In Dalmatia the vampire is now no more than a shadow in which no one believes, or at best in which people pretend to believe, just as a London Scottish volunteer will assure you of his firm faith in the Kelpie and Brounie of Sir Walter Scott, or will endeavour to convince you that he wears a kilt from choice and not for effect. Between the conventional vampire and the true horror of Slavonic superstition there is as much difference as between the highland chief who kicked away the ball of snow from under his son's head, reproaching him with southron effeminacy in needing the luxury of a pillow, and the kilted cockney sportsman who shoots down tame deer in an enclosure.

In Poland the Roman Catholic clergy have laid hold upon this superstition as a means of making war upon the great enemy of the Church, and there the vampire is merely a corpse possessed by the Evil Spirit, and no longer the true vampire of the ancient Slavonians.
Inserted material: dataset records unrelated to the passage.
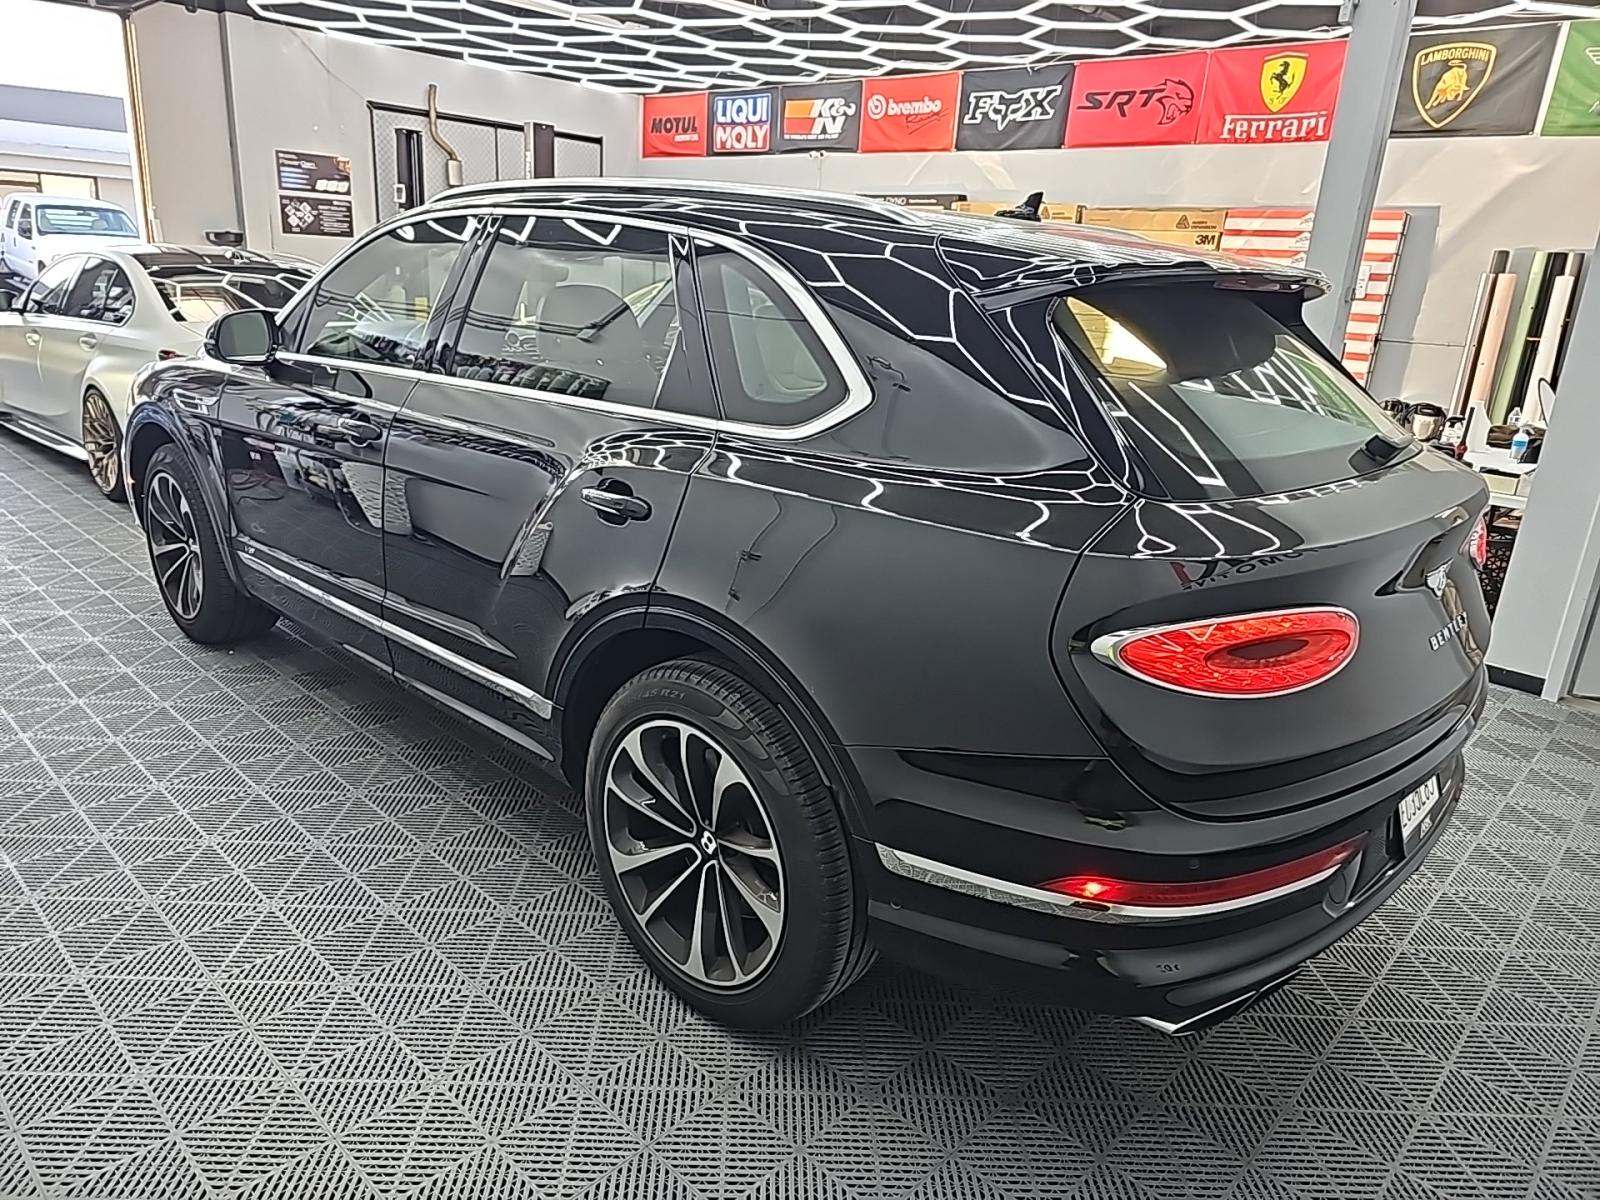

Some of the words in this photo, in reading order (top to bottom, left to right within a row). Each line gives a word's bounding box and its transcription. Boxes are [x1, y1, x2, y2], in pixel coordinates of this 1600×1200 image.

[1420, 47, 1489, 65] LAMBORGHINI
[716, 97, 768, 124] LIQUI
[888, 96, 942, 115] brembo
[1076, 88, 1167, 118] SRT
[651, 115, 698, 133] MOTUL
[1219, 111, 1328, 138] Ferrari
[716, 125, 768, 149] MOLY
[1195, 235, 1216, 245] 3M
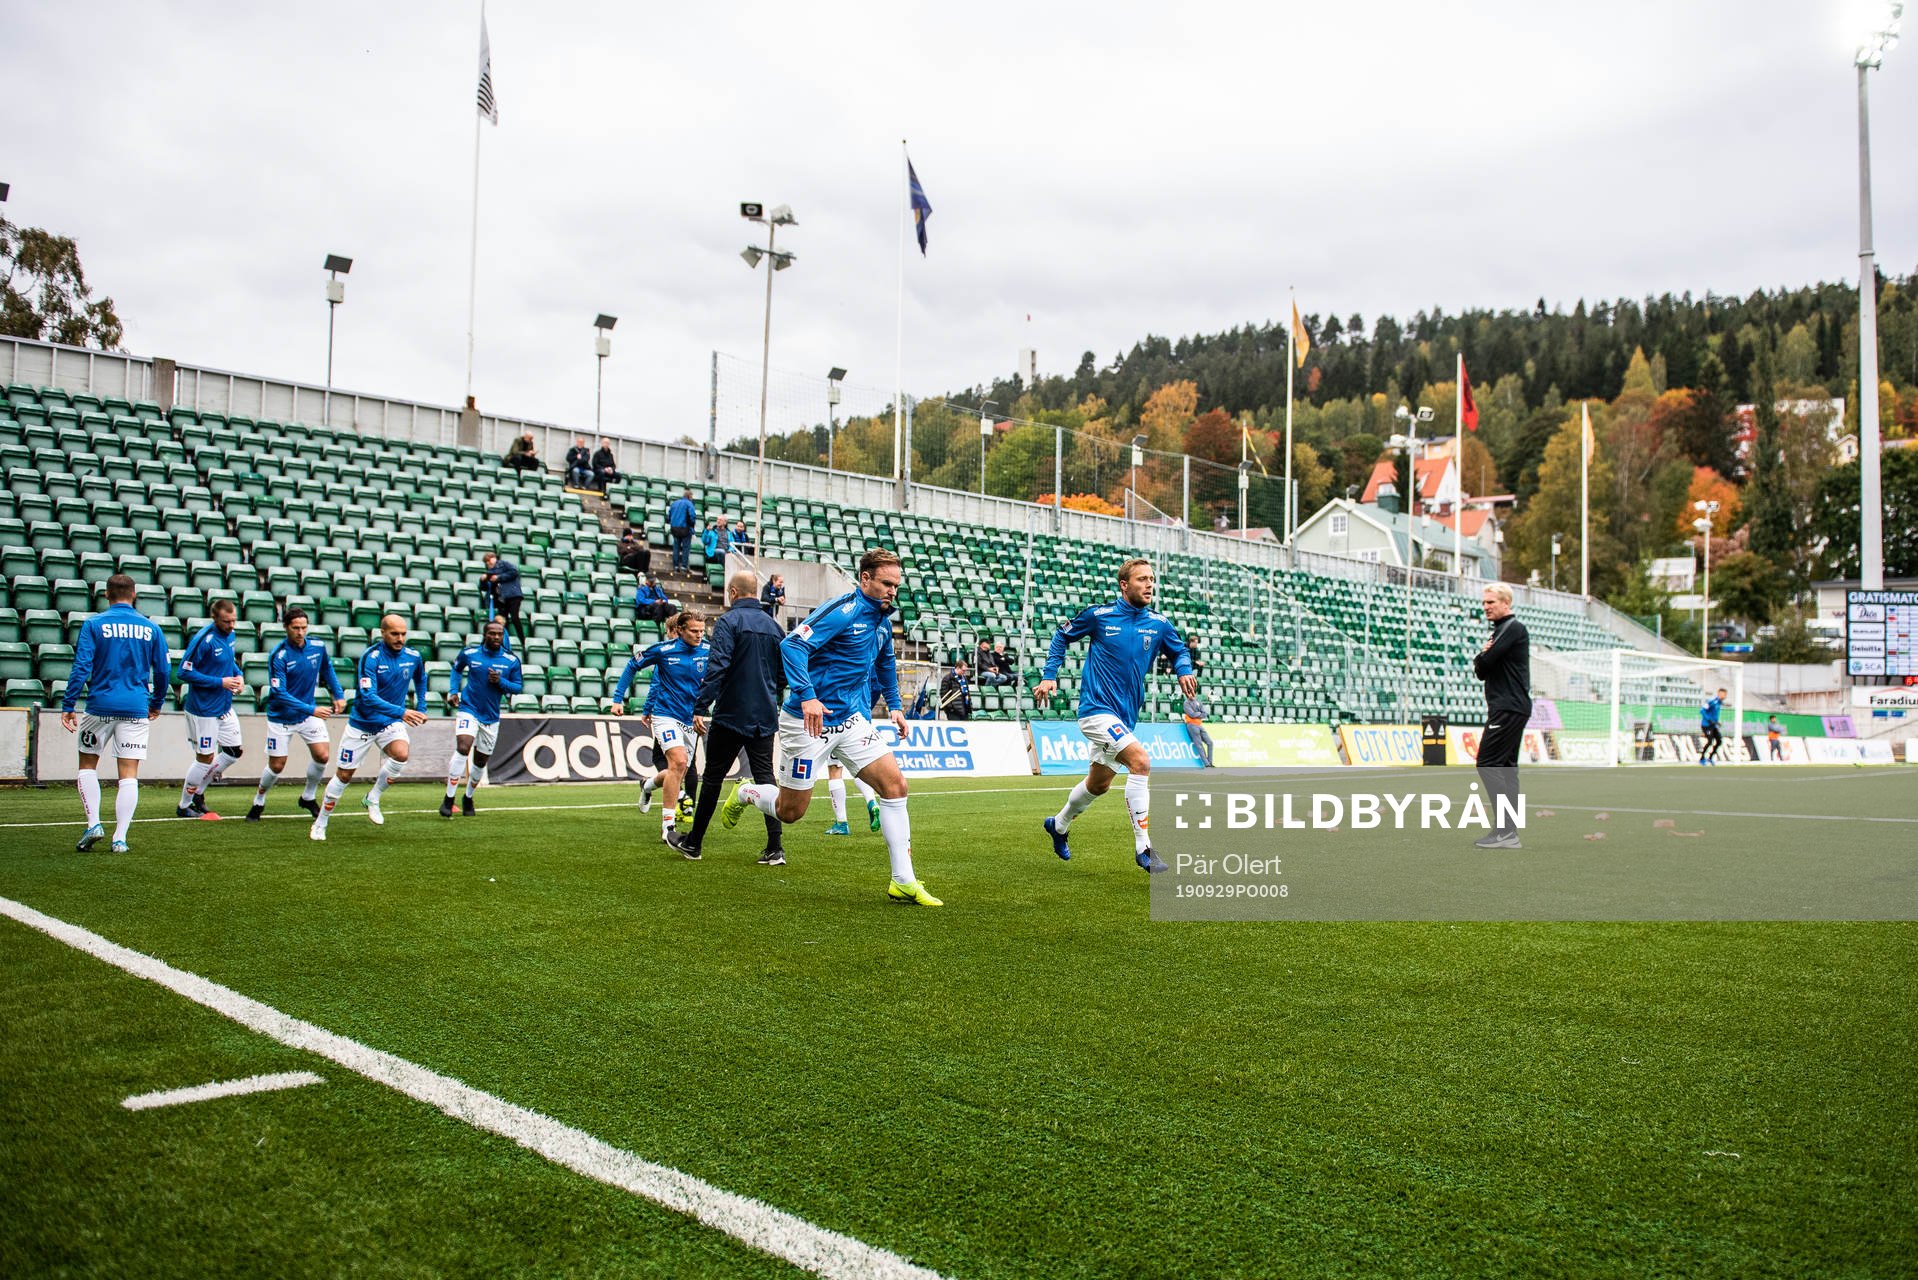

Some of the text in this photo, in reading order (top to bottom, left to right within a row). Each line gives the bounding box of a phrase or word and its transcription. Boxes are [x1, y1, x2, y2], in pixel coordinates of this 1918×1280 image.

[102, 623, 153, 641] SIRIUS
[1870, 696, 1918, 704] Faradiu
[1041, 734, 1091, 761] Arka
[1354, 730, 1393, 762] CITY
[896, 753, 968, 769] eknik ab
In Bulgaria we find the brute in its original and disgusting form; it is no longer a dead body possessed by a demon, but a soul in revolt against the inevitable principle of corporeal death; the Dalmatian poniard, blessed upon the altar, is powerless here, and its substitute is an Ilatch (literally, medicine) administered by the witch or some other wise woman, who detects a vampire by the hole in his tombstone or the earth which covers him, and stuffs it up with human excrement (his favourite food) mixed with poisonous herbs.

We will now give the unadulterated Bulgarian superstition, merely prefacing that we ought to be well acquainted with it, inasmuch as a servant of ours is the son of a noted vampire, and is doing penance during this present Lent by neither smoking, nor drinking wine or spirits, in order to expiate the sins of his father and to prevent himself inheriting the propensity. [Poor Theodore is head over ears in love with Miss Tuturitza, the young lady next door, who fully reciprocates his affection, but her parents refuse to sanction the marriage on account of the vampire father.]
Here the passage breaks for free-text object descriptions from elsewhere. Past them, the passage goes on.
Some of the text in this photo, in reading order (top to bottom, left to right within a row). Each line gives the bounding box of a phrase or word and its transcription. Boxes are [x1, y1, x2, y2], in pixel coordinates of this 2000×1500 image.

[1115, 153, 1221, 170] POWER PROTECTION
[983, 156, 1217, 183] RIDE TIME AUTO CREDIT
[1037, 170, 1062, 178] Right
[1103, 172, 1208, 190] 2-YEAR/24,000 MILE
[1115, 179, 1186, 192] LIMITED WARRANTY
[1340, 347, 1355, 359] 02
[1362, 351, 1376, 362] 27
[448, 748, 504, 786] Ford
When a man who has vampire blood in his veins - for this condition is not only epidemic and endemic but hereditary or who is otherwise predisposed to become a vampire, [As when a man is strangled by one of these beings.] dies, nine days after his burial he returns to upper earth in an aeriform shape. The presence of the vampire in this his first condition may be easily discerned in the dark by a succession of sparks like those from a flint and steel, in the light, by a shadow projected upon a wall and varying in density accordingly to the age of the vampire in his career. In this stage he is comparatively harmless and is only able to play the practical jokes of the German Kohold and Gnoine, of the Irish Phooka, or the English Puck, [He only resembles these spirits in their misdeeds; unlike them, he never does a good turn to anybody.] he roars in a terrible voice, or amuses himself by calling out the inhabitants of a cottage by the most endearing terms and then beating them black and blue.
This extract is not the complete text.